The said principle applies when there is, among others, identity of parties and subject matter in two cases. 13 Concededly, the fact that UP is the petitioner herein while Salazar and Bailen were the petitioners in G.R. No. 87248 is not a hindrance to the application of res judicata because the situation is akin to the adding of other parties to a case which had been finally resolved in a previous one. 14 UP was not an original party-defendant in Civil Case No. Q-88-1028, but it intervened and made common cause with Bailen and Salazar in alleging that the case should be dismissed in order to hold inviolate academic freedom, both individual and institutional. There is, therefore, a resultant substantial identity of parties, as both UP, on the one hand, and Bailen and Salazar, on the other hand, represent the same interests in the two petitions. 15

However, the requisite of identity of subject matter in the two petitions is wanting. Private respondents identify the subject matter as "the trial judge’s refusal . . . to dismiss the complaint against Bailen and Salazar." 16 This, of course, refers to the Order denying the motion to dismiss. It should be noted, however, that two motions to dismiss the same complaint were filed in this case and they were separately resolved. The first was the one filed by Bailen and Salazar which became the subject matter of the petition in G.R. No. 87248. The second motion to dismiss was filed by UP but on February 15, 1989, the lower court struck it off the record. UP filed a motion for the reconsideration of the said order of February 15, 1989, but the lower court denied it on the ground of impropriety of the motion to dismiss as UP had already filed an answer in intervention.chanrobles virtual lawlibrary

Following the provisions of Section 5, Rule 16 of the Rules of Court which states that any of the grounds for dismissal provided for in Section 1 of the same Rule "except improper venue, may be pleaded as an affirmative defense," UP filed a motion for a preliminary hearing on the special defenses, specifically lack of cause of action and lack of jurisdiction over the nature of the action which it pleaded in its answer in intervention. As Section 5 provides, the result would be the same — "as if a motion to dismiss had been filed." It was the lower court’s Order of May 15, 1989 ascribing no merit to UP’s special defenses, which was first presented to this Court for nullification on the ground of grave abuse of discretion, through the petition for certiorari and prohibition docketed as G.R. No. 88664. The petition having been referred to the Court of Appeals, the propriety of the same Order of May 15, 1989 was resolved against UP by said appellate court on March 12, 1991.

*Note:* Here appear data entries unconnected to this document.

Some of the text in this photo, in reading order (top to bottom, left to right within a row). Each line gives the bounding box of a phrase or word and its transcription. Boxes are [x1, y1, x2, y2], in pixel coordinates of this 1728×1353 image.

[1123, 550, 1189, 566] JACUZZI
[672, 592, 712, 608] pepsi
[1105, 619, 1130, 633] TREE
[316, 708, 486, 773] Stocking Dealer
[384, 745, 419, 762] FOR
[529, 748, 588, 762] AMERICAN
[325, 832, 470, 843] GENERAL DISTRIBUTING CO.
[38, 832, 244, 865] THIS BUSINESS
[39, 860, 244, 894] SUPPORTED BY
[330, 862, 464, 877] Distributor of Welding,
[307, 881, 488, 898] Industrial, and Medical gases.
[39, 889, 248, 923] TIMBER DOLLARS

Thus, to hold that res judicata applies to herein facts would be stretching to its limits the requirement of identity of subject matter. Moreover, the fact that the resolution of Civil Case No. Q-88-1028 would inevitably create an impact, not only on the academic community but also on the cultural minorities, we need to scrutinize more closely the validity of the Order denying the motion to dismiss. It bears stressing that res judicata may not be held applicable where justice may have to be sacrificed for the rigid rules of technicality. 17

What the foregoing disquisition boils down to is that instant petition fails for lack of merit.

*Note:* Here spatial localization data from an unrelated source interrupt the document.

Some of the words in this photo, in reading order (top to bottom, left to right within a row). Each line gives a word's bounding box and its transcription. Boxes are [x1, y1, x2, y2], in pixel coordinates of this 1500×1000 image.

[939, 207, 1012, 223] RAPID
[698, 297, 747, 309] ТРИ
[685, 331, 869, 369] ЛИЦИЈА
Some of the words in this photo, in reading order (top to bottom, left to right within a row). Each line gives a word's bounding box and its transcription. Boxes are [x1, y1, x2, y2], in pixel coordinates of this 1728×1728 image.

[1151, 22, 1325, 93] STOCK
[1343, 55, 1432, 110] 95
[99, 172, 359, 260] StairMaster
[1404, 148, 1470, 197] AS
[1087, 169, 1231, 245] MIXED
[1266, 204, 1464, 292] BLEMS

As its first ground for the allowance of the petition, UP contends that the allegations in the complaint regarding the acts and statements of Bailen and Salazar are "protected by the mantle of the institutional academic freedom of UP and are therefore privileged communications which cannot give rise to any cause of action for damages under Article 26 of the Civil Code in favor of the herein private respondents." 18 Actually, this ground is a restatement of the two affirmative defenses cited by the petitioner in its answer in intervention. 19 The lower court and the Court of Appeals correctly interpreted these defenses as falling within the purview of Section 1(g), Rule 16 of the Rules of Court which considers as a ground for a motion to dismiss failure of the complaint to state a cause of action.

The lack of cause of action must be evident on the face of the complaint 20 inasmuch as in a motion to dismiss based on said ground, the question submitted for determination is the sufficiency of the allegations in the complaint itself. 21 On its face, herein complaint, however, does not allege any right or interest of the petitioner that is affected by the complaint simply because it was not an original defendant. As correctly observed by the lower court, the complaint does not even show that petitioner authorized Bailen and Salazar to conduct a study on the Tasaday. Neither does it even appear that the trip to Zagreb, Yugoslavia of Bailen and Salazar was sanctioned or sponsored by the petitioner. 22 Hence, by filing the motion to dismiss the complaint against Salazar and Bailen or by alleging defenses in its answer which amounted to invoking lack of cause of action as a ground for dismissal, the petitioner confined itself to the allegations of the complaint.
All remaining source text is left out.